◆ **TASK OBJECTIVE**
Whenever a picture appears in the records, exclude it, and transcribe everything else exactly.

◆ **RECORDED INFORMATION**
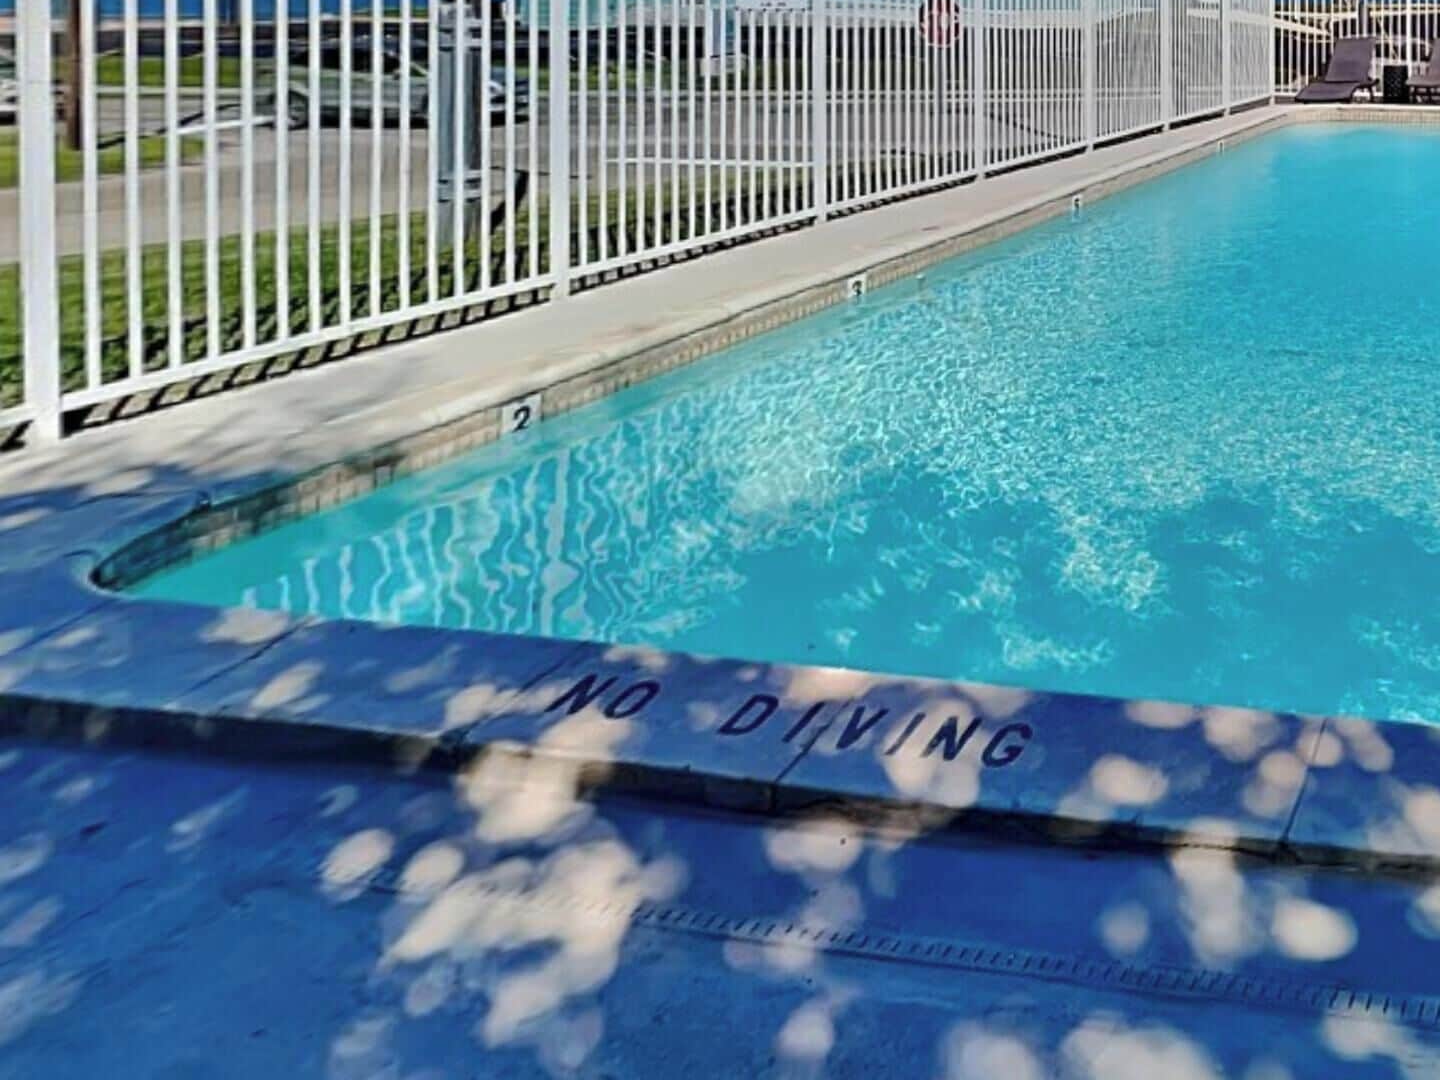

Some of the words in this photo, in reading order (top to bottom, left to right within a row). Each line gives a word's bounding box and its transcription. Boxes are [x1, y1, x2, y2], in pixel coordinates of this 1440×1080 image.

[512, 405, 530, 433] 2
[543, 673, 661, 720] NO
[715, 693, 1034, 769] DIVING
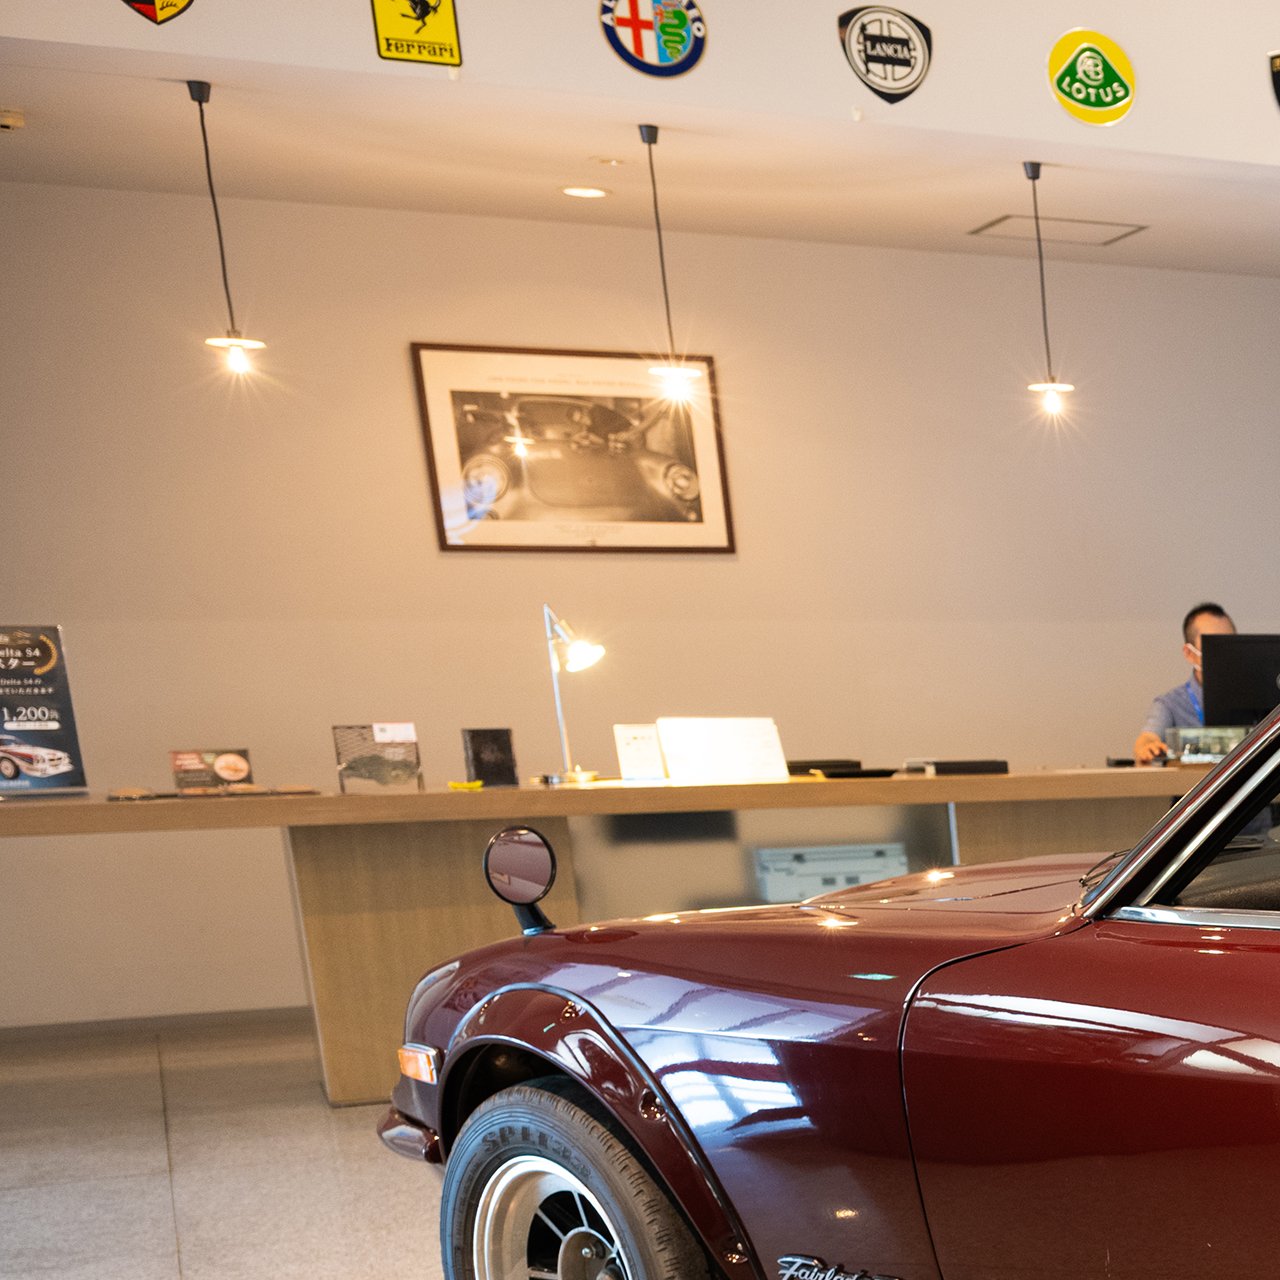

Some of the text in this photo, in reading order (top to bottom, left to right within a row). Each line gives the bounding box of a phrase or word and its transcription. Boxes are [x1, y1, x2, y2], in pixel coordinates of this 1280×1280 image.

◆ **ANSWER**
Some of the words in this photo, in reading order (top to bottom, left to right within a row). Each line gives a word's bounding box and its transcription. Boxes are [x1, y1, x2, y2], in pixel coordinates of this 1440×1080 image.

[512, 405, 530, 433] 2
[543, 673, 661, 720] NO
[715, 693, 1034, 769] DIVING

Some of the text in this photo, in reading order (top to bottom, left to right within a row). Each line gives the bounding box of a phrase or word and its transcription. Boxes are [x1, y1, x2, y2], in pixel coordinates of this 1280×1280 image.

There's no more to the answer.